__TASK ITEM__.
Would you give all of the records again, exactly as they read?

START MATERIAL TO PROCESS

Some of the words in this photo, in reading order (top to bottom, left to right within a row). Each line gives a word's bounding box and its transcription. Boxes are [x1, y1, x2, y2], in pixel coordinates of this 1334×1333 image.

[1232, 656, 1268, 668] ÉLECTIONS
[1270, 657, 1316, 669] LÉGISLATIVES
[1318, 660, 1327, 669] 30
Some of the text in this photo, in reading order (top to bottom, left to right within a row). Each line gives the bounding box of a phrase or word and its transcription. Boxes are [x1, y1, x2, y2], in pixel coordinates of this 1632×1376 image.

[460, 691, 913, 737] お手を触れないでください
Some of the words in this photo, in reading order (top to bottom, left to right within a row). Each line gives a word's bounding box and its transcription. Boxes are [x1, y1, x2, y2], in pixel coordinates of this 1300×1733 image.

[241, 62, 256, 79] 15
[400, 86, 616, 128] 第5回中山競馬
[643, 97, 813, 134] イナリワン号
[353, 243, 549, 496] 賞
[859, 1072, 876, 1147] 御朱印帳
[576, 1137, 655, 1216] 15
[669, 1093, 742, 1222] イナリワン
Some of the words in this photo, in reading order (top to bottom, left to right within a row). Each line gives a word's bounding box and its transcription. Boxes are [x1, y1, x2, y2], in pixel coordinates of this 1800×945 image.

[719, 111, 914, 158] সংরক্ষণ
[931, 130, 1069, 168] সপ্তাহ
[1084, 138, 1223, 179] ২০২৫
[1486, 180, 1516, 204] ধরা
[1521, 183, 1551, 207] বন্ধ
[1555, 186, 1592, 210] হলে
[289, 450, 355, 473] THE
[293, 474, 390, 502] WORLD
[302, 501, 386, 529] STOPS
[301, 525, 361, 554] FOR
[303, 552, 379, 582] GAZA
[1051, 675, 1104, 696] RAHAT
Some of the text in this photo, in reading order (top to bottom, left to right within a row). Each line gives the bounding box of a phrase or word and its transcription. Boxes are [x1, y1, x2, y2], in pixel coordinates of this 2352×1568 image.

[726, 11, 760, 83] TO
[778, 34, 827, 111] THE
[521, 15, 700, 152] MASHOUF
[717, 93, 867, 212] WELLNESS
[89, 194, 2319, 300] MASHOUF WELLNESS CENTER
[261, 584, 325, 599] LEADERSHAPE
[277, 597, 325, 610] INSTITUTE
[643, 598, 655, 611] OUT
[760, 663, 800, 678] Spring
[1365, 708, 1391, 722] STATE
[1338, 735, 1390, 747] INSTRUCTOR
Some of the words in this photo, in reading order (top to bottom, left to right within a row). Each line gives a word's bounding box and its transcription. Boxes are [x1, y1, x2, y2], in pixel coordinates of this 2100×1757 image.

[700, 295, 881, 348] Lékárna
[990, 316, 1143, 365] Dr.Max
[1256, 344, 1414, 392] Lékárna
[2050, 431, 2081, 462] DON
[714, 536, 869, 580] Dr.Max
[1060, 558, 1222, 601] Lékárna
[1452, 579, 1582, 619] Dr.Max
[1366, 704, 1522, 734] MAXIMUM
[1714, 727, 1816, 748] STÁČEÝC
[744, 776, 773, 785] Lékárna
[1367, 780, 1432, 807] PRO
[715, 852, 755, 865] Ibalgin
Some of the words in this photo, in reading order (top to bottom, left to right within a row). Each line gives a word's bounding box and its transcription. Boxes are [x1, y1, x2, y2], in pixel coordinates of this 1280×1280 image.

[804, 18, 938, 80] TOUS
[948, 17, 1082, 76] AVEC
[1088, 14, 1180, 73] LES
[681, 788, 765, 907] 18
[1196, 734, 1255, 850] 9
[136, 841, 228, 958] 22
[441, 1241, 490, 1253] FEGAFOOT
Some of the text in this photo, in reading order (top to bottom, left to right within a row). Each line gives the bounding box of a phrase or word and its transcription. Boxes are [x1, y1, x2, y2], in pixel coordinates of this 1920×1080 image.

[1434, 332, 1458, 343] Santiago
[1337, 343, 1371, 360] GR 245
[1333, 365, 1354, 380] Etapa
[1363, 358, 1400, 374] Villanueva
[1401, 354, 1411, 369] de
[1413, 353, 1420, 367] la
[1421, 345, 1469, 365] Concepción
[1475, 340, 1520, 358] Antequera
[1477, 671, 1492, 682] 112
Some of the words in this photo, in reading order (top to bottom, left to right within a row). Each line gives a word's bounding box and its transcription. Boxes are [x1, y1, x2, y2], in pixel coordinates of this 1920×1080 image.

END MATERIAL TO PROCESS

__REPLY TO THE TASK__.
Some of the words in this photo, in reading order (top to bottom, left to right within a row). Each line gives a word's bounding box and its transcription. Boxes are [x1, y1, x2, y2], in pixel coordinates of this 1334×1333 image.

[1232, 656, 1268, 668] ÉLECTIONS
[1270, 657, 1316, 669] LÉGISLATIVES
[1318, 660, 1327, 669] 30
Some of the text in this photo, in reading order (top to bottom, left to right within a row). Each line gives the bounding box of a phrase or word and its transcription. Boxes are [x1, y1, x2, y2], in pixel coordinates of this 1632×1376 image.

[460, 691, 913, 737] お手を触れないでください
Some of the words in this photo, in reading order (top to bottom, left to right within a row). Each line gives a word's bounding box and its transcription. Boxes are [x1, y1, x2, y2], in pixel coordinates of this 1300×1733 image.

[241, 62, 256, 79] 15
[400, 86, 616, 128] 第5回中山競馬
[643, 97, 813, 134] イナリワン号
[353, 243, 549, 496] 賞
[859, 1072, 876, 1147] 御朱印帳
[576, 1137, 655, 1216] 15
[669, 1093, 742, 1222] イナリワン
Some of the words in this photo, in reading order (top to bottom, left to right within a row). Each line gives a word's bounding box and its transcription. Boxes are [x1, y1, x2, y2], in pixel coordinates of this 1800×945 image.

[719, 111, 914, 158] সংরক্ষণ
[931, 130, 1069, 168] সপ্তাহ
[1084, 138, 1223, 179] ২০২৫
[1486, 180, 1516, 204] ধরা
[1521, 183, 1551, 207] বন্ধ
[1555, 186, 1592, 210] হলে
[289, 450, 355, 473] THE
[293, 474, 390, 502] WORLD
[302, 501, 386, 529] STOPS
[301, 525, 361, 554] FOR
[303, 552, 379, 582] GAZA
[1051, 675, 1104, 696] RAHAT
Some of the text in this photo, in reading order (top to bottom, left to right within a row). Each line gives the bounding box of a phrase or word and its transcription. Boxes are [x1, y1, x2, y2], in pixel coordinates of this 2352×1568 image.

[726, 11, 760, 83] TO
[778, 34, 827, 111] THE
[521, 15, 700, 152] MASHOUF
[717, 93, 867, 212] WELLNESS
[89, 194, 2319, 300] MASHOUF WELLNESS CENTER
[261, 584, 325, 599] LEADERSHAPE
[277, 597, 325, 610] INSTITUTE
[643, 598, 655, 611] OUT
[760, 663, 800, 678] Spring
[1365, 708, 1391, 722] STATE
[1338, 735, 1390, 747] INSTRUCTOR
Some of the words in this photo, in reading order (top to bottom, left to right within a row). Each line gives a word's bounding box and its transcription. Boxes are [x1, y1, x2, y2], in pixel coordinates of this 2100×1757 image.

[700, 295, 881, 348] Lékárna
[990, 316, 1143, 365] Dr.Max
[1256, 344, 1414, 392] Lékárna
[2050, 431, 2081, 462] DON
[714, 536, 869, 580] Dr.Max
[1060, 558, 1222, 601] Lékárna
[1452, 579, 1582, 619] Dr.Max
[1366, 704, 1522, 734] MAXIMUM
[1714, 727, 1816, 748] STÁČEÝC
[744, 776, 773, 785] Lékárna
[1367, 780, 1432, 807] PRO
[715, 852, 755, 865] Ibalgin
Some of the words in this photo, in reading order (top to bottom, left to right within a row). Each line gives a word's bounding box and its transcription. Boxes are [x1, y1, x2, y2], in pixel coordinates of this 1280×1280 image.

[804, 18, 938, 80] TOUS
[948, 17, 1082, 76] AVEC
[1088, 14, 1180, 73] LES
[681, 788, 765, 907] 18
[1196, 734, 1255, 850] 9
[136, 841, 228, 958] 22
[441, 1241, 490, 1253] FEGAFOOT
Some of the text in this photo, in reading order (top to bottom, left to right within a row). Each line gives the bounding box of a phrase or word and its transcription. Boxes are [x1, y1, x2, y2], in pixel coordinates of this 1920×1080 image.

[1434, 332, 1458, 343] Santiago
[1337, 343, 1371, 360] GR 245
[1333, 365, 1354, 380] Etapa
[1363, 358, 1400, 374] Villanueva
[1401, 354, 1411, 369] de
[1413, 353, 1420, 367] la
[1421, 345, 1469, 365] Concepción
[1475, 340, 1520, 358] Antequera
[1477, 671, 1492, 682] 112
Some of the words in this photo, in reading order (top to bottom, left to right within a row). Each line gives a word's bounding box and its transcription. Boxes are [x1, y1, x2, y2], in pixel coordinates of this 1920×1080 image.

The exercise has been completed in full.